Existait-il à l’époque, pour un africain comme Mondlane, un meilleur poste d’observation que l’ONU à New-York? Car c’est bien là qu’on lui a offert un travail à la section des Territoires sous Mandat. Il a rapidement fait connaissance avec tous les leaders africains qui viennent à New-York. Les représentants du Portugal, eux-mêmes, s’approchent de “leur” homme et lui offrent une situation … à Lisbonne. Non, le Mozambique qu’il a quitté en 1950, reste proche: il trouve des appuis financiers et, par personnes interposées, nous pouvons créer le fonds des Bourses Edelweiss. Les jeunes Mozambicains de l’enseignement secondaire seront ainsi aidés.
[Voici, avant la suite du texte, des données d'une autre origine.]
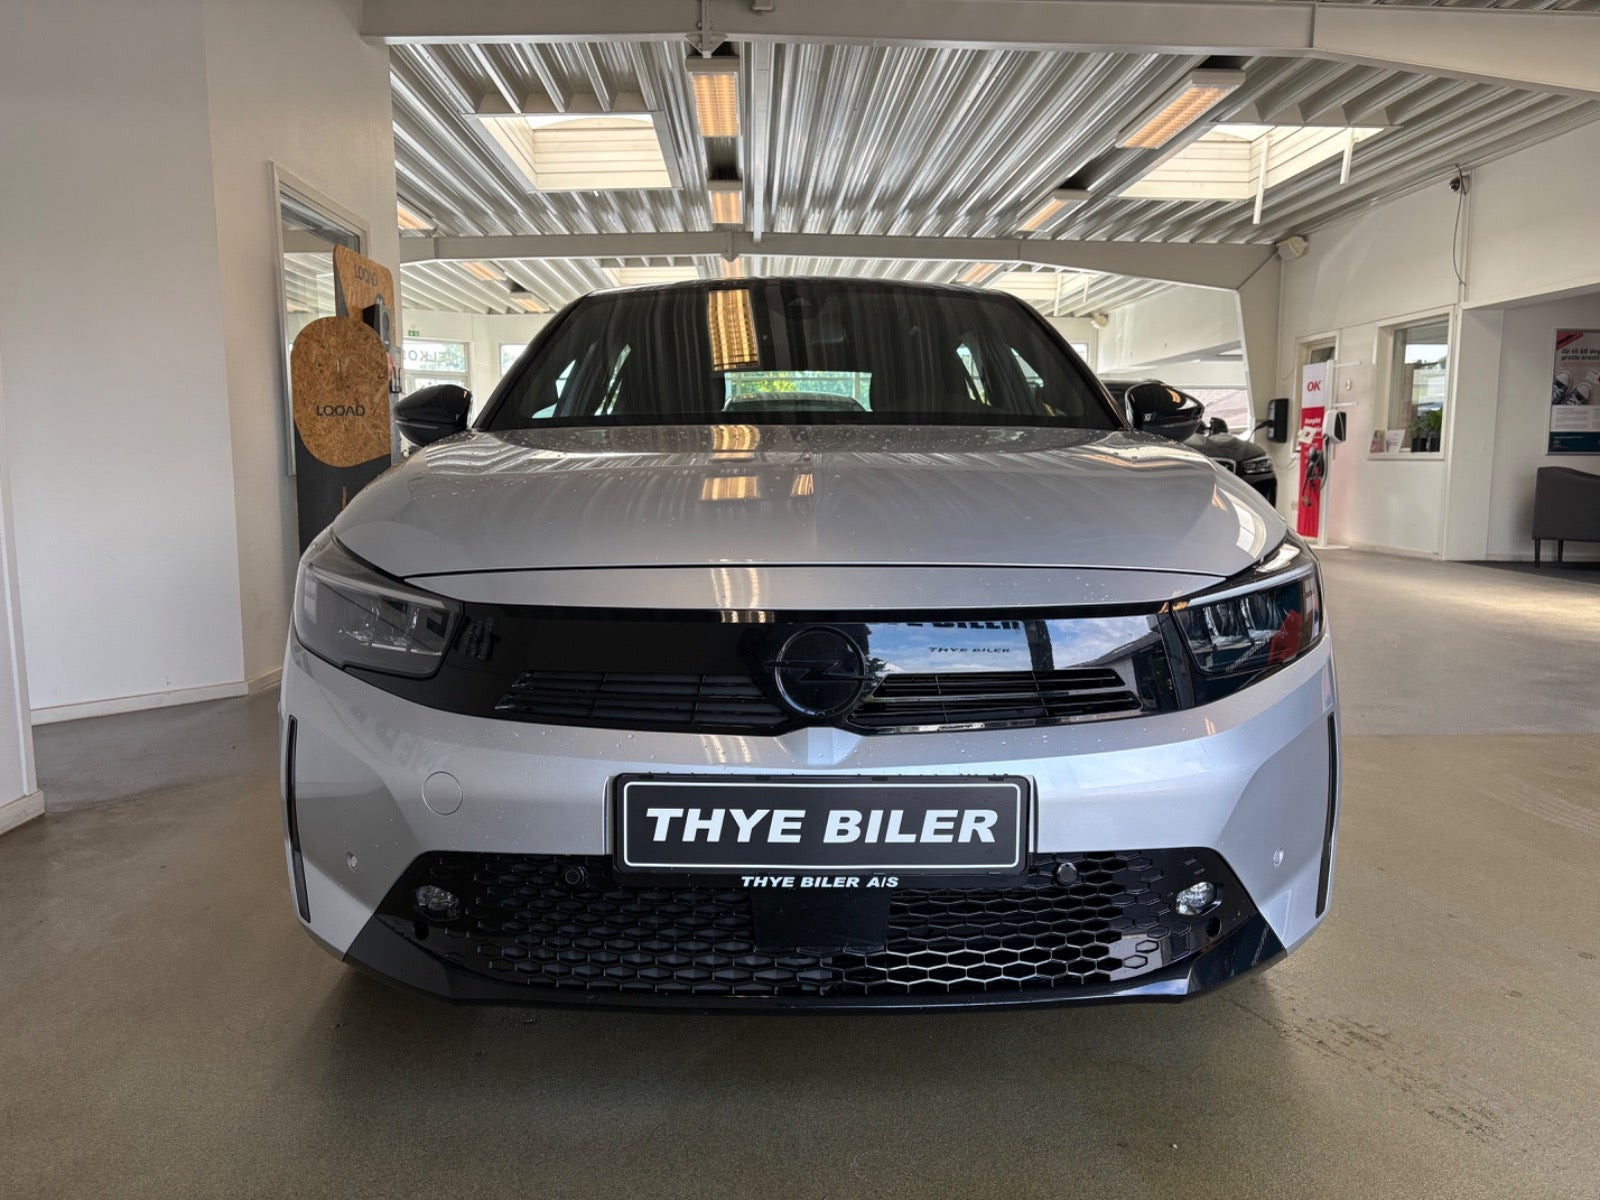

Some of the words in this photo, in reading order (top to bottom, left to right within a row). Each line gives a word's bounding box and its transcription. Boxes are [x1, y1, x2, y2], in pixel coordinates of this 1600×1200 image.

[1307, 381, 1321, 392] OK
[646, 808, 806, 843] THYE
[823, 809, 998, 844] BILER
[741, 876, 795, 888] THYE
[800, 876, 860, 888] BILER
[866, 876, 899, 888] A/S
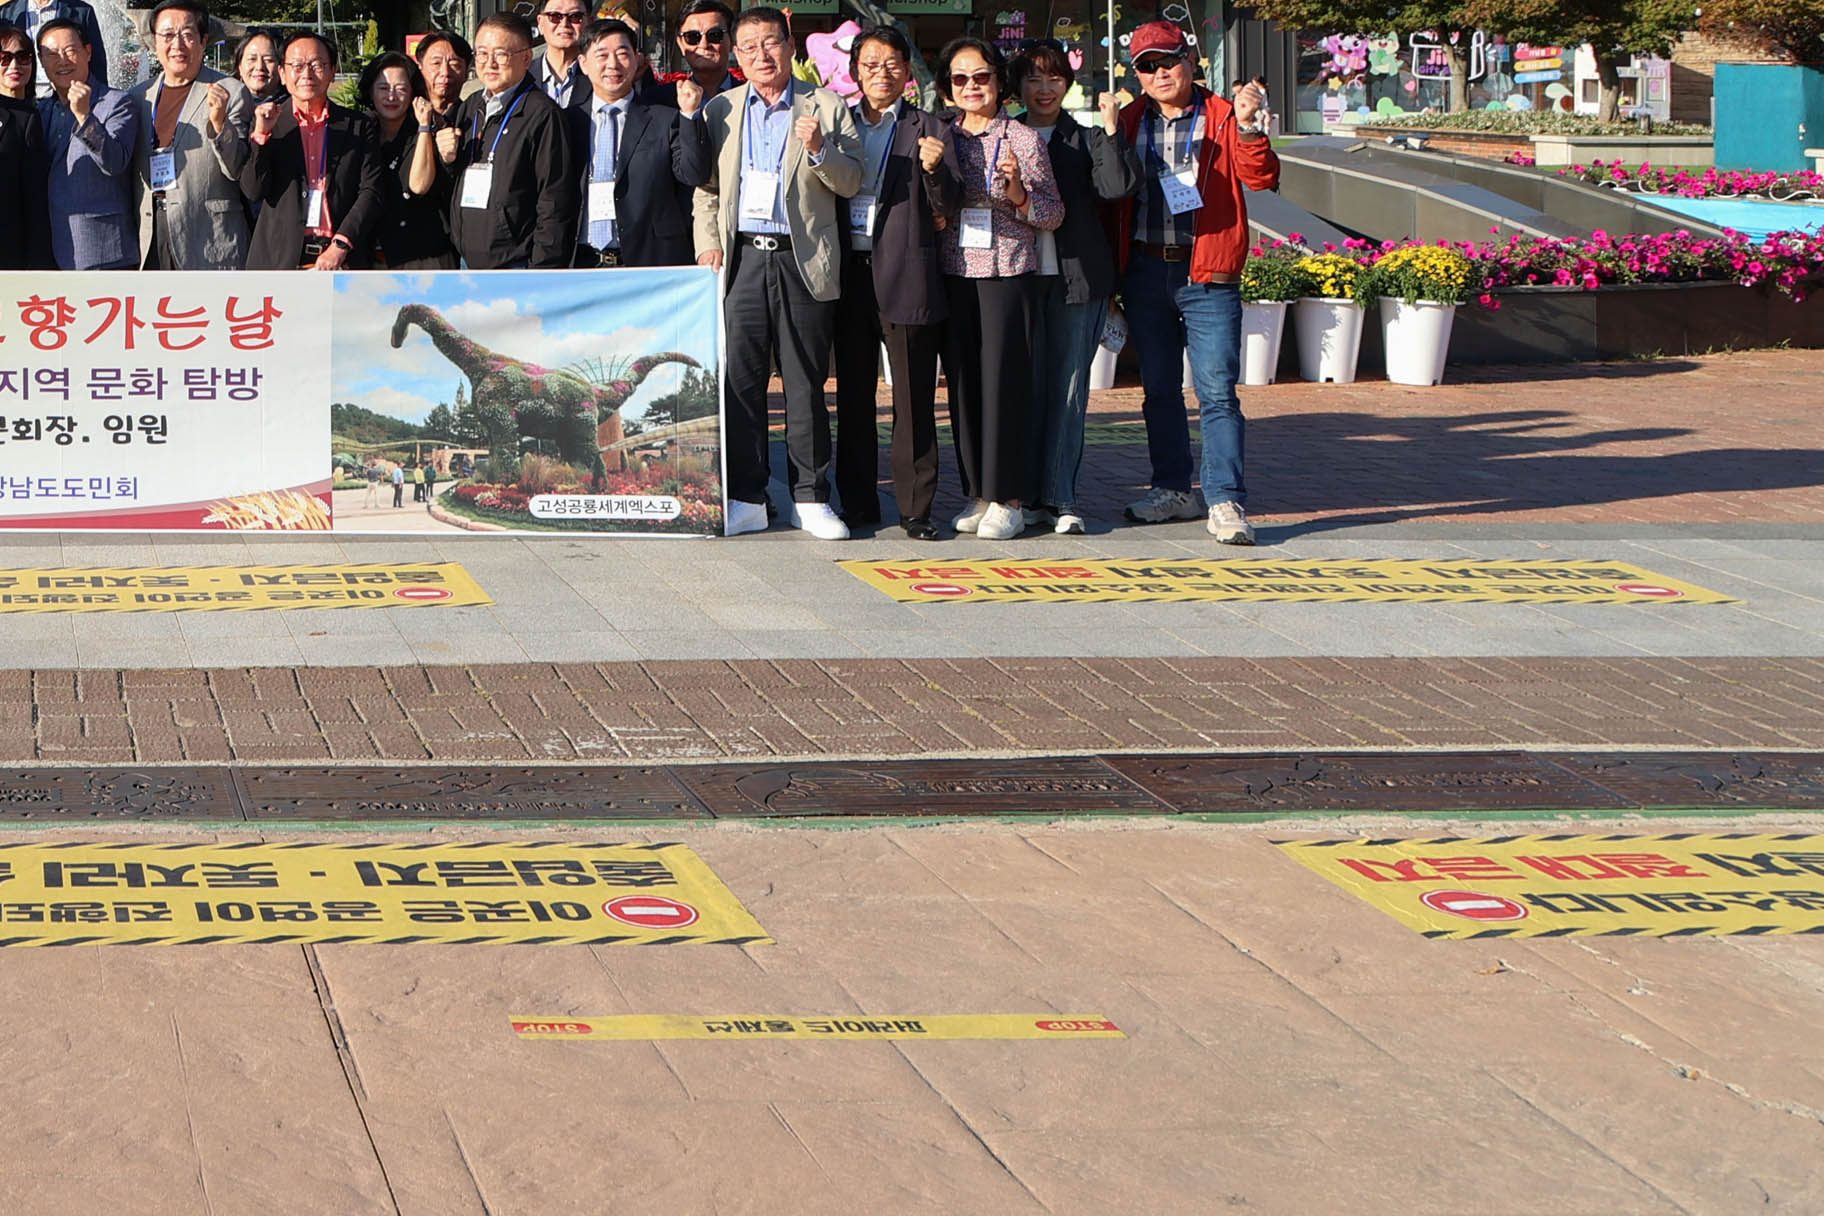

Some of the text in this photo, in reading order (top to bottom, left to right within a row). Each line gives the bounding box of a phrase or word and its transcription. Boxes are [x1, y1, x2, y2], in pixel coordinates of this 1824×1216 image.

[86, 367, 169, 401] 문화
[183, 367, 264, 401] 탐방
[103, 414, 168, 445] 임원
[538, 498, 674, 515] 고성공룡세계엑스포
[43, 861, 278, 889] 돗자리
[353, 859, 677, 888] 출입금지
[1337, 856, 1527, 883] 금지
[1516, 853, 1709, 881] 절대
[196, 899, 382, 924] 공연이
[401, 898, 592, 923] 이곳은
[802, 1020, 928, 1033] 퍼레이드
En 1960, les Nations-Unies le nomment de l’équipe qui préparera le référendum du Cameroun anglais. Sa femme en profite pour se rendre au Mozambique, avec ses deux enfants, à la Mission Suisse de Lourenço Marques. Quand Mondlane rejoint les siens–il est porteur d’un passeport diplomatique de l’O.N.U.–sa popularité éclate! Aux yeux de la foule mozambicaine, il est le héros, l’unique, il a crevé la chape de plomb qui pèse d’un poids accablant sur les populations autochtones. Malgré la fête qui lui est donnée–les cadres de l’administration coloniale font, eux aussi, bonne mine–Mondlane voit ses craintes confirmées. Rien n’a changé au Mozambique!

De retour en Amérique, on est en 1961, il quitte l’O.N.U. et accepte, à titre temporaire, un poste de professeur à l’Université de Syracuse, dans l’état de New York. Mais, la même année encore, Julius K. Nyerere invite Mondlane à s’établir en Tanzanie dont l’indépendance va être proclamée.
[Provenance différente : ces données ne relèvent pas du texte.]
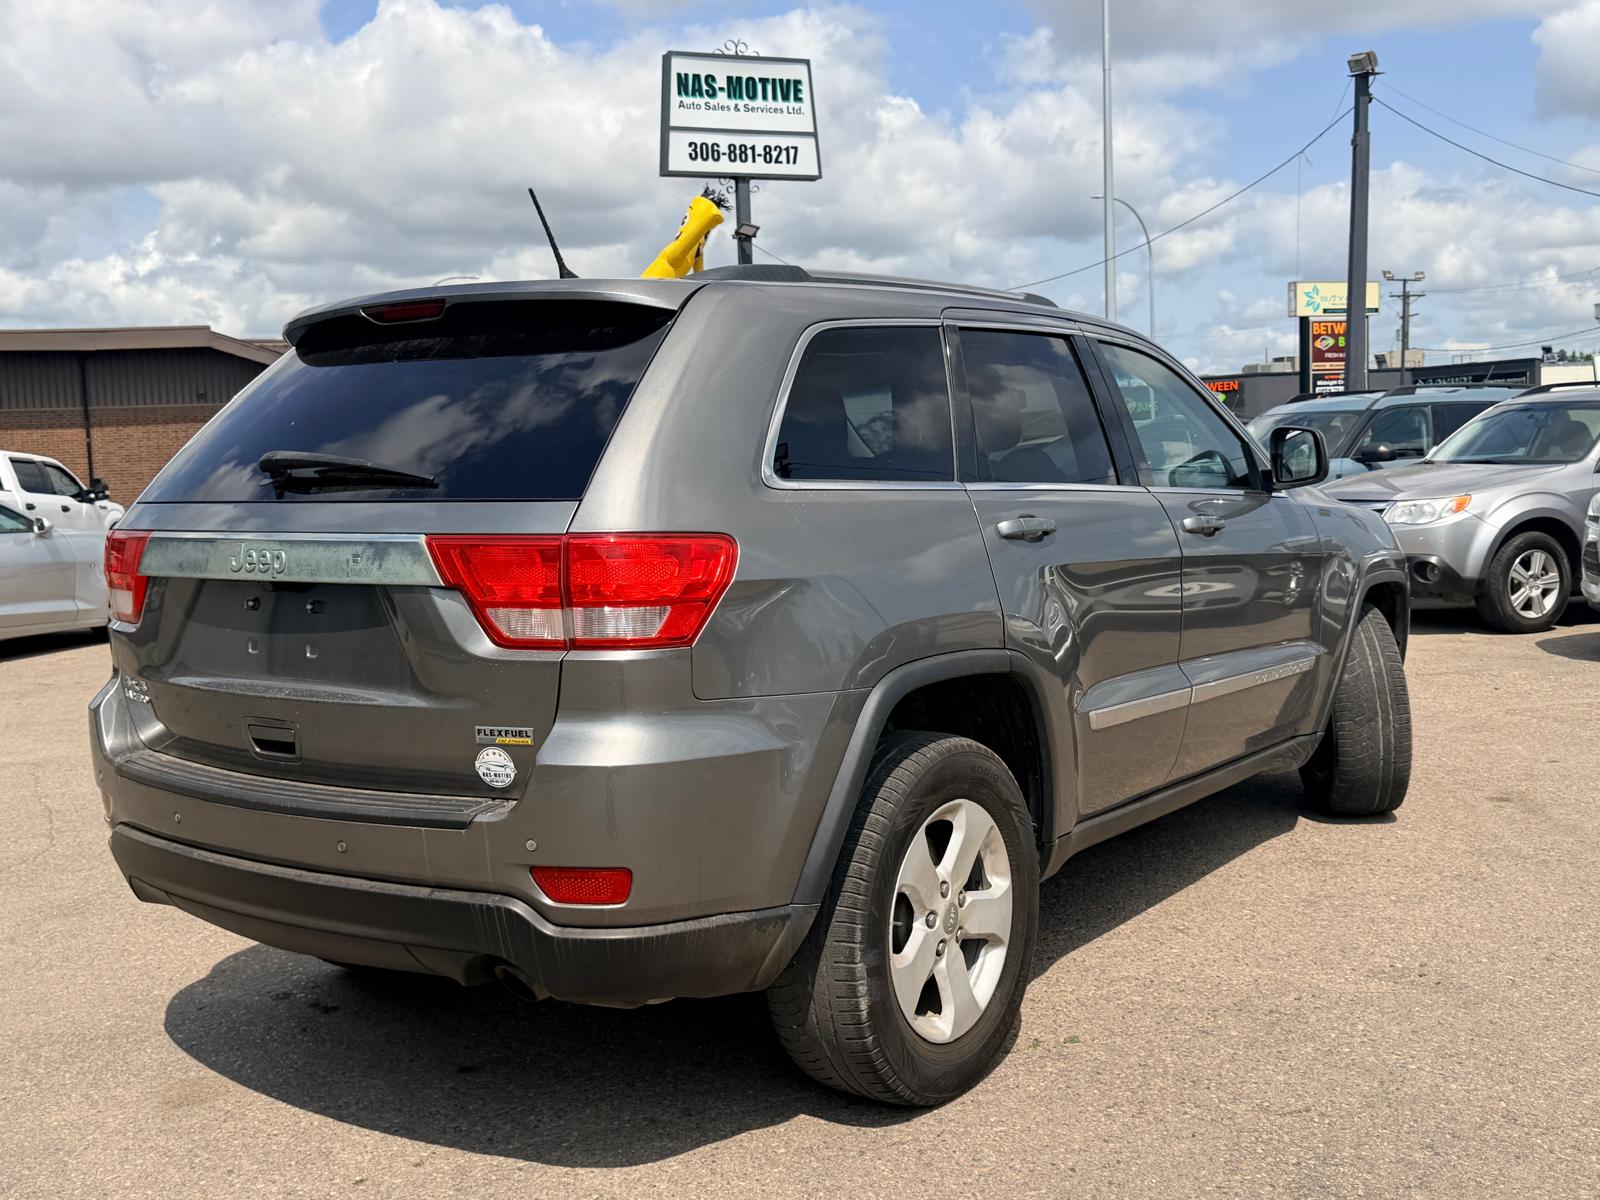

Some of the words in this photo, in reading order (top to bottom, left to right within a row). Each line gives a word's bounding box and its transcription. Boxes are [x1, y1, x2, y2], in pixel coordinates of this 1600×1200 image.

[676, 72, 804, 103] NAS-MOTIVE
[678, 100, 702, 111] Auto
[704, 102, 731, 112] Sales
[733, 104, 741, 112] &
[743, 104, 784, 114] Services
[786, 105, 805, 115] Ltd.
[688, 141, 799, 165] 306-881-8217
[1206, 380, 1239, 392] WEEN
[228, 541, 288, 579] Jeep
[477, 728, 531, 738] FLEXFUEL
A Dar-ès-Salam, des groupements politiques de Mozambicains se querellent, des milliers et des milliers de gens de tout le Mozambique vivent mal, réfugiés en Tanzanie. Un programme s’impose: Il faut que les factions politiques mozambicaines fusionnent, il faut, aussi, lever l’étendard d’un nouveau Mozambique uni, de la patrie à laquelle on donnera sa vie. Le 25 juin 1962, les trois principaux mouvements décident de disparaître et de former le Front de Libération du Mozambique, le Frelimo. Mondlane est élu président du Frelimo.

Libérer le Mozambique veut dire se préparer à la guerre, chercher des appuis partout, instruire les futurs guérilleros, hommes et femmes, intéresser le monde entier à sa cause! Aussi Eduardo Mondlane, sa femme, plusieurs de ses amis parcourent-ils l’Europe et l’Asie sans parler évidemment, de l’Afrique.

“Bien que j’aie aimé la vie universitaire par dessus tout, j’ai décidé de consacrer le reste de ma vie à la guerre de libération de mon pays, jusqu’à l’indépendance!” Cette indépendance, Eduardo Chivambo Mondlane ne l’aura vue que très fragmentairement… Si, pourtant, au deuxième congrès du Frelimo, en plein Mozambique, en juillet 1968, aussi, encore, lors de ses voyages en territoires libérés. Il inspectait les combattants, visitait les premiers postes sanitaires au service de la population, les petites écoles, les centres agricoles.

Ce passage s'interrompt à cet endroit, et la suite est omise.